• _YOUR TASK_:
From the line containing "this 2000×1125 image." to the final line of the entries, every line is to be reproduced exactly; no other line belongs in the output.

• _DATA TO USE_:

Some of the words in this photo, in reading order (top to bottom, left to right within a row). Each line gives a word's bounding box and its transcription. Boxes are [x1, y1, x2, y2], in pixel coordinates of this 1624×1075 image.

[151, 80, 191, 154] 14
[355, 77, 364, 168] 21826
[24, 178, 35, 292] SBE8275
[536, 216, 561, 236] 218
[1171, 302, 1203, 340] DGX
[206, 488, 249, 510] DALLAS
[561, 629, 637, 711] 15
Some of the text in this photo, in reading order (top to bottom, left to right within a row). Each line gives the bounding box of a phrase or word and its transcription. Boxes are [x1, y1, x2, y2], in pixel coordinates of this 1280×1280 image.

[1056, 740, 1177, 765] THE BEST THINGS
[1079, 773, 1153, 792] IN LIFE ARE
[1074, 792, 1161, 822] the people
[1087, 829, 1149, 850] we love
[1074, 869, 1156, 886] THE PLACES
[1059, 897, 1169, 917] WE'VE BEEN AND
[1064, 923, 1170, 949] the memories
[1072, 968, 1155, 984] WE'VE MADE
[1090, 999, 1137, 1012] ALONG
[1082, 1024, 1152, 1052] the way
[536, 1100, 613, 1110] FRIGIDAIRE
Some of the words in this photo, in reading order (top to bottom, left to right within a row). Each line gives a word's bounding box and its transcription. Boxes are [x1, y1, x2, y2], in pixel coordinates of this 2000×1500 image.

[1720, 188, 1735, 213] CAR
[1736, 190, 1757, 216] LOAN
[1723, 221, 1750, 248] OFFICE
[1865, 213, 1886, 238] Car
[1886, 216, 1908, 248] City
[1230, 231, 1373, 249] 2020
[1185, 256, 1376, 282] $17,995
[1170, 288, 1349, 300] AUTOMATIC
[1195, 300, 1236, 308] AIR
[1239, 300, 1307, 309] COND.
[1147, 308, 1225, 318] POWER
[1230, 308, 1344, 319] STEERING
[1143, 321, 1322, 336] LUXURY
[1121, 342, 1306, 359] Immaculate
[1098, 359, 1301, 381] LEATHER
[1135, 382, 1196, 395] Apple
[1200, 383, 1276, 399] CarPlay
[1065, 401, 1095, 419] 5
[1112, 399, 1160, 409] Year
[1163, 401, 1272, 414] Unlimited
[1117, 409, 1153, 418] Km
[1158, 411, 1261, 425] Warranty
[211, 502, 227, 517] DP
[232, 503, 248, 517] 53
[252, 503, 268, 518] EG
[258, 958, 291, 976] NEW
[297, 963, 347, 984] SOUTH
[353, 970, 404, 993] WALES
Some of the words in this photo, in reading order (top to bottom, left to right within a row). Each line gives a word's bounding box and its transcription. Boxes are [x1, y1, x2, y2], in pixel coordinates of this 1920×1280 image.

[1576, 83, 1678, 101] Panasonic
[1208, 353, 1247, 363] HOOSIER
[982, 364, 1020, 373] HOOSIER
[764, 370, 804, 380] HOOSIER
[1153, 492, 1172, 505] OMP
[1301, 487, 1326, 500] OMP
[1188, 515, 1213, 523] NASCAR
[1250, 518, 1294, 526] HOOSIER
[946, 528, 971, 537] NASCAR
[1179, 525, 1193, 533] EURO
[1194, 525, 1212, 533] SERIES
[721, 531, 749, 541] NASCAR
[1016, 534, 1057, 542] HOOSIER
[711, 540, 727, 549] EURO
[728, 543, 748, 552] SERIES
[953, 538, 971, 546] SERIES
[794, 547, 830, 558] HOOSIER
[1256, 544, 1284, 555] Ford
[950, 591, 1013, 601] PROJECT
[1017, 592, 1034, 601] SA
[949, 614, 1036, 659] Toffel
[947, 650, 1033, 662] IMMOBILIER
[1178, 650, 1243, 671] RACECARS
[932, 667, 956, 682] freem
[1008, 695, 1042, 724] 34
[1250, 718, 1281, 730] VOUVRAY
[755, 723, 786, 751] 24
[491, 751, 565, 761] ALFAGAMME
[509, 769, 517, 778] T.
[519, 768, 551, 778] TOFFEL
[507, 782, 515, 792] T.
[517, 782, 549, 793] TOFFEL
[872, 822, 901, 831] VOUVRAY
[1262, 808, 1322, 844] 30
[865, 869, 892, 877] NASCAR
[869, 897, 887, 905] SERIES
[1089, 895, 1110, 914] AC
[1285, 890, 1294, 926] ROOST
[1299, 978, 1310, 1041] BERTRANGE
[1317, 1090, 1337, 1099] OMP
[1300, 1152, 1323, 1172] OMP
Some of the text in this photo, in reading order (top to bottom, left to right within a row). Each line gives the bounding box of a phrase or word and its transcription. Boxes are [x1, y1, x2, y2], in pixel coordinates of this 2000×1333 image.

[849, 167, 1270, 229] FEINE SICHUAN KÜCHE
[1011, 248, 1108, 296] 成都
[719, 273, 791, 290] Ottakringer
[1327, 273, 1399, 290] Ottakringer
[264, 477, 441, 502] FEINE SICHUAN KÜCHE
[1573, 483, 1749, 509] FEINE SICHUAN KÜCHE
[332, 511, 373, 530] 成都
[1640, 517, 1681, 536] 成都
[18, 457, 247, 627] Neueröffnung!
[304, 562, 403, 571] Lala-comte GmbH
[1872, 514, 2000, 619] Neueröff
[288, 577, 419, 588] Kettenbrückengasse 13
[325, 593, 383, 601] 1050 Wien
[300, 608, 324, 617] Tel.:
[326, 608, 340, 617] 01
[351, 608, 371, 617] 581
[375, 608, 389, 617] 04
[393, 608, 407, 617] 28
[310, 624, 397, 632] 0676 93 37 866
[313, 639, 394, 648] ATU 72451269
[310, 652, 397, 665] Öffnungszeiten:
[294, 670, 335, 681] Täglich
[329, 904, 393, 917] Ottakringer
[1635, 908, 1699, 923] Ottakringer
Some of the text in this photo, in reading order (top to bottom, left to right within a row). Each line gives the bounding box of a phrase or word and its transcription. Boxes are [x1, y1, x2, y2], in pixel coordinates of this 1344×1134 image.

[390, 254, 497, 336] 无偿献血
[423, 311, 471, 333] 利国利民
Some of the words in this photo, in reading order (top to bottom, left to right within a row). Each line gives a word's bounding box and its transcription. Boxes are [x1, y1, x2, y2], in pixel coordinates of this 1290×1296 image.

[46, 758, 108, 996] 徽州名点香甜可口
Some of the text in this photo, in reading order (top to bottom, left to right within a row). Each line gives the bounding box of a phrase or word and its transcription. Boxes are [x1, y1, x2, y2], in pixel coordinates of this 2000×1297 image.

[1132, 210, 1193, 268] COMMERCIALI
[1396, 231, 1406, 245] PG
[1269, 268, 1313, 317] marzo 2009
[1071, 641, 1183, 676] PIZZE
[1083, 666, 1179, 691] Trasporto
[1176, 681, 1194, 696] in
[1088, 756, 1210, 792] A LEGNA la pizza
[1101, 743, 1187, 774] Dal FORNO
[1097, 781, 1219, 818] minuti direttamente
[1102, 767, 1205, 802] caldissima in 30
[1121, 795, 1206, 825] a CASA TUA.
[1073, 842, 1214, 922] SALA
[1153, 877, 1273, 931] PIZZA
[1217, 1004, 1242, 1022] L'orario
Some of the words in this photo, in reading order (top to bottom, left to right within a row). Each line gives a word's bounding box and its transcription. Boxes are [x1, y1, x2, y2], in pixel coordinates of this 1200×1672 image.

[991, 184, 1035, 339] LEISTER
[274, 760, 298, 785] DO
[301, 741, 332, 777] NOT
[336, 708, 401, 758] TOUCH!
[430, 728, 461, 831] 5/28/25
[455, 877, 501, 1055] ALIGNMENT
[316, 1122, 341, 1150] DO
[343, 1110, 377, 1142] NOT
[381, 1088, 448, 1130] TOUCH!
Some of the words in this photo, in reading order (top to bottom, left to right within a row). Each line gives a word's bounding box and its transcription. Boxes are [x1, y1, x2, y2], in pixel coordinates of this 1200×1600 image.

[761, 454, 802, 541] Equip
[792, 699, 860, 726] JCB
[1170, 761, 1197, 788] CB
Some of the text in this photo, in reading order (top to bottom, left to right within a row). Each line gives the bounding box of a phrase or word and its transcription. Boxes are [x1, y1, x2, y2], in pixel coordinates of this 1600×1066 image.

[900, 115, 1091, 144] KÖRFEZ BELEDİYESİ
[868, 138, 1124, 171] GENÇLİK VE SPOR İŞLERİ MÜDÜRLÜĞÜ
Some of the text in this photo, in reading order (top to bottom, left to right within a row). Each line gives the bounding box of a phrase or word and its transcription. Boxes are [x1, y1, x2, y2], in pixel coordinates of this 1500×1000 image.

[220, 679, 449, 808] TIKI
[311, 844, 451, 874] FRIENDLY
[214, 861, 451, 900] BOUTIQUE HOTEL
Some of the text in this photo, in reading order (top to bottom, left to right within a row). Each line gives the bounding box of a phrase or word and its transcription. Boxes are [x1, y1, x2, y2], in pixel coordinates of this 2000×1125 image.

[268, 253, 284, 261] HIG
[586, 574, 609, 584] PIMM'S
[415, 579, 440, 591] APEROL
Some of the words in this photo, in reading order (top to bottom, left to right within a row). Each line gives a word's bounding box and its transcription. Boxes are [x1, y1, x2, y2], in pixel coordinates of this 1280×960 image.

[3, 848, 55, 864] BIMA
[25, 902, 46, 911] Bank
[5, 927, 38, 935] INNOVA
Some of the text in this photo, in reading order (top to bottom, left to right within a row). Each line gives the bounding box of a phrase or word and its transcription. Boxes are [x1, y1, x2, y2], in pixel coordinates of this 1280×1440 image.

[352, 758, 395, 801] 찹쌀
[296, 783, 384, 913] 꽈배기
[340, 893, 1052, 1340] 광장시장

• _SOLUTION TO THE EXERCISE_:
Some of the text in this photo, in reading order (top to bottom, left to right within a row). Each line gives the bounding box of a phrase or word and its transcription. Boxes are [x1, y1, x2, y2], in pixel coordinates of this 2000×1125 image.

[268, 253, 284, 261] HIG
[586, 574, 609, 584] PIMM'S
[415, 579, 440, 591] APEROL
Some of the words in this photo, in reading order (top to bottom, left to right within a row). Each line gives a word's bounding box and its transcription. Boxes are [x1, y1, x2, y2], in pixel coordinates of this 1280×960 image.

[3, 848, 55, 864] BIMA
[25, 902, 46, 911] Bank
[5, 927, 38, 935] INNOVA
Some of the text in this photo, in reading order (top to bottom, left to right within a row). Each line gives the bounding box of a phrase or word and its transcription. Boxes are [x1, y1, x2, y2], in pixel coordinates of this 1280×1440 image.

[352, 758, 395, 801] 찹쌀
[296, 783, 384, 913] 꽈배기
[340, 893, 1052, 1340] 광장시장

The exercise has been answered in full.